## Activity
For each line below, write it out exactly as it appears.

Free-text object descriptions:
>>>>>

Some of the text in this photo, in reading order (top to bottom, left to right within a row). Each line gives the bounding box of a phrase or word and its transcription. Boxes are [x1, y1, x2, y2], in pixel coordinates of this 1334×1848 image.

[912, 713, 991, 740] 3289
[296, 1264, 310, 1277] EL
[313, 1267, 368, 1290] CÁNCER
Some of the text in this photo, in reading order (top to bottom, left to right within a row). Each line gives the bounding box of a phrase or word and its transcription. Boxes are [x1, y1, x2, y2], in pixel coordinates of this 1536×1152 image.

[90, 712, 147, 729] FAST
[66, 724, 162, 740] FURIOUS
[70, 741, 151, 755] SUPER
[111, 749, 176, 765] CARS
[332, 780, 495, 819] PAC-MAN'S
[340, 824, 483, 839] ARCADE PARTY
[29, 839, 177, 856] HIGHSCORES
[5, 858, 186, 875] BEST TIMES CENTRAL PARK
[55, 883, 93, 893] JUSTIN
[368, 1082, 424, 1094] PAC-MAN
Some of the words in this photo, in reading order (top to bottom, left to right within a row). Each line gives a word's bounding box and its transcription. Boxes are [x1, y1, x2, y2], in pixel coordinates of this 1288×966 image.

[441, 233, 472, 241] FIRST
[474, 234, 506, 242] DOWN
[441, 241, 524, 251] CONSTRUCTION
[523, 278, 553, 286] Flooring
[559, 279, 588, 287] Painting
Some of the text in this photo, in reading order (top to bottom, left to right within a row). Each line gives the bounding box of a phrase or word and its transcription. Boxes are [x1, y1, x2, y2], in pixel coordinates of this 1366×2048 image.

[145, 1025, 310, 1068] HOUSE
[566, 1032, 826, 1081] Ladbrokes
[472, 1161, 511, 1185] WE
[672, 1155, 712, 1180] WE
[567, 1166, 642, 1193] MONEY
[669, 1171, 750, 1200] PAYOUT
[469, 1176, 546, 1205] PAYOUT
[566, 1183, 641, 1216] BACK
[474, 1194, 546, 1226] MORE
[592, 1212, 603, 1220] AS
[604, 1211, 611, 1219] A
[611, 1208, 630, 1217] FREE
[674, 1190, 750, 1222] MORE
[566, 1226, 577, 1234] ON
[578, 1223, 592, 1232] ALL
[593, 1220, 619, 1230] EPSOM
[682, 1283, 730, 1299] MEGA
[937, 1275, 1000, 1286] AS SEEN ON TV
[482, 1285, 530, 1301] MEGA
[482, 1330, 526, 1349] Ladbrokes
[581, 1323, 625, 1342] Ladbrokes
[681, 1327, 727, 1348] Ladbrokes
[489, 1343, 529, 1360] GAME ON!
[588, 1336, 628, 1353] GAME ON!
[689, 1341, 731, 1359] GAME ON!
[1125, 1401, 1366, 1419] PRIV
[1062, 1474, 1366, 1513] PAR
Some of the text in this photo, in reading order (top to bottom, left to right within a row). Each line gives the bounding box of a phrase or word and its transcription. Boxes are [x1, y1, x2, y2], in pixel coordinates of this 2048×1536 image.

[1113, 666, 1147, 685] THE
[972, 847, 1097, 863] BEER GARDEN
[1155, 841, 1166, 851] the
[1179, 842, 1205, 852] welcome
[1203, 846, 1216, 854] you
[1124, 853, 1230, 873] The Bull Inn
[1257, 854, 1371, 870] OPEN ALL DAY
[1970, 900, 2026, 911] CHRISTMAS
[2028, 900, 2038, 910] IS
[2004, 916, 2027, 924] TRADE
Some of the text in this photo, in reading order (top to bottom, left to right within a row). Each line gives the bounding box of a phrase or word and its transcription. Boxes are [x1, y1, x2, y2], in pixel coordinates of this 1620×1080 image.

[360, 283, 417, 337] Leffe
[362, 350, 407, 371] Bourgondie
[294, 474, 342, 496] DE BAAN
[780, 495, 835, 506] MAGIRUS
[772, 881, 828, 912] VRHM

<<<<<

## Exercise output
Some of the text in this photo, in reading order (top to bottom, left to right within a row). Each line gives the bounding box of a phrase or word and its transcription. Boxes are [x1, y1, x2, y2], in pixel coordinates of this 1334×1848 image.

[912, 713, 991, 740] 3289
[296, 1264, 310, 1277] EL
[313, 1267, 368, 1290] CÁNCER
Some of the text in this photo, in reading order (top to bottom, left to right within a row). Each line gives the bounding box of a phrase or word and its transcription. Boxes are [x1, y1, x2, y2], in pixel coordinates of this 1536×1152 image.

[90, 712, 147, 729] FAST
[66, 724, 162, 740] FURIOUS
[70, 741, 151, 755] SUPER
[111, 749, 176, 765] CARS
[332, 780, 495, 819] PAC-MAN'S
[340, 824, 483, 839] ARCADE PARTY
[29, 839, 177, 856] HIGHSCORES
[5, 858, 186, 875] BEST TIMES CENTRAL PARK
[55, 883, 93, 893] JUSTIN
[368, 1082, 424, 1094] PAC-MAN
Some of the words in this photo, in reading order (top to bottom, left to right within a row). Each line gives a word's bounding box and its transcription. Boxes are [x1, y1, x2, y2], in pixel coordinates of this 1288×966 image.

[441, 233, 472, 241] FIRST
[474, 234, 506, 242] DOWN
[441, 241, 524, 251] CONSTRUCTION
[523, 278, 553, 286] Flooring
[559, 279, 588, 287] Painting
Some of the text in this photo, in reading order (top to bottom, left to right within a row). Each line gives the bounding box of a phrase or word and its transcription. Boxes are [x1, y1, x2, y2], in pixel coordinates of this 1366×2048 image.

[145, 1025, 310, 1068] HOUSE
[566, 1032, 826, 1081] Ladbrokes
[472, 1161, 511, 1185] WE
[672, 1155, 712, 1180] WE
[567, 1166, 642, 1193] MONEY
[669, 1171, 750, 1200] PAYOUT
[469, 1176, 546, 1205] PAYOUT
[566, 1183, 641, 1216] BACK
[474, 1194, 546, 1226] MORE
[592, 1212, 603, 1220] AS
[604, 1211, 611, 1219] A
[611, 1208, 630, 1217] FREE
[674, 1190, 750, 1222] MORE
[566, 1226, 577, 1234] ON
[578, 1223, 592, 1232] ALL
[593, 1220, 619, 1230] EPSOM
[682, 1283, 730, 1299] MEGA
[937, 1275, 1000, 1286] AS SEEN ON TV
[482, 1285, 530, 1301] MEGA
[482, 1330, 526, 1349] Ladbrokes
[581, 1323, 625, 1342] Ladbrokes
[681, 1327, 727, 1348] Ladbrokes
[489, 1343, 529, 1360] GAME ON!
[588, 1336, 628, 1353] GAME ON!
[689, 1341, 731, 1359] GAME ON!
[1125, 1401, 1366, 1419] PRIV
[1062, 1474, 1366, 1513] PAR
Some of the text in this photo, in reading order (top to bottom, left to right within a row). Each line gives the bounding box of a phrase or word and its transcription. Boxes are [x1, y1, x2, y2], in pixel coordinates of this 2048×1536 image.

[1113, 666, 1147, 685] THE
[972, 847, 1097, 863] BEER GARDEN
[1155, 841, 1166, 851] the
[1179, 842, 1205, 852] welcome
[1203, 846, 1216, 854] you
[1124, 853, 1230, 873] The Bull Inn
[1257, 854, 1371, 870] OPEN ALL DAY
[1970, 900, 2026, 911] CHRISTMAS
[2028, 900, 2038, 910] IS
[2004, 916, 2027, 924] TRADE
Some of the text in this photo, in reading order (top to bottom, left to right within a row). Each line gives the bounding box of a phrase or word and its transcription. Boxes are [x1, y1, x2, y2], in pixel coordinates of this 1620×1080 image.

[360, 283, 417, 337] Leffe
[362, 350, 407, 371] Bourgondie
[294, 474, 342, 496] DE BAAN
[780, 495, 835, 506] MAGIRUS
[772, 881, 828, 912] VRHM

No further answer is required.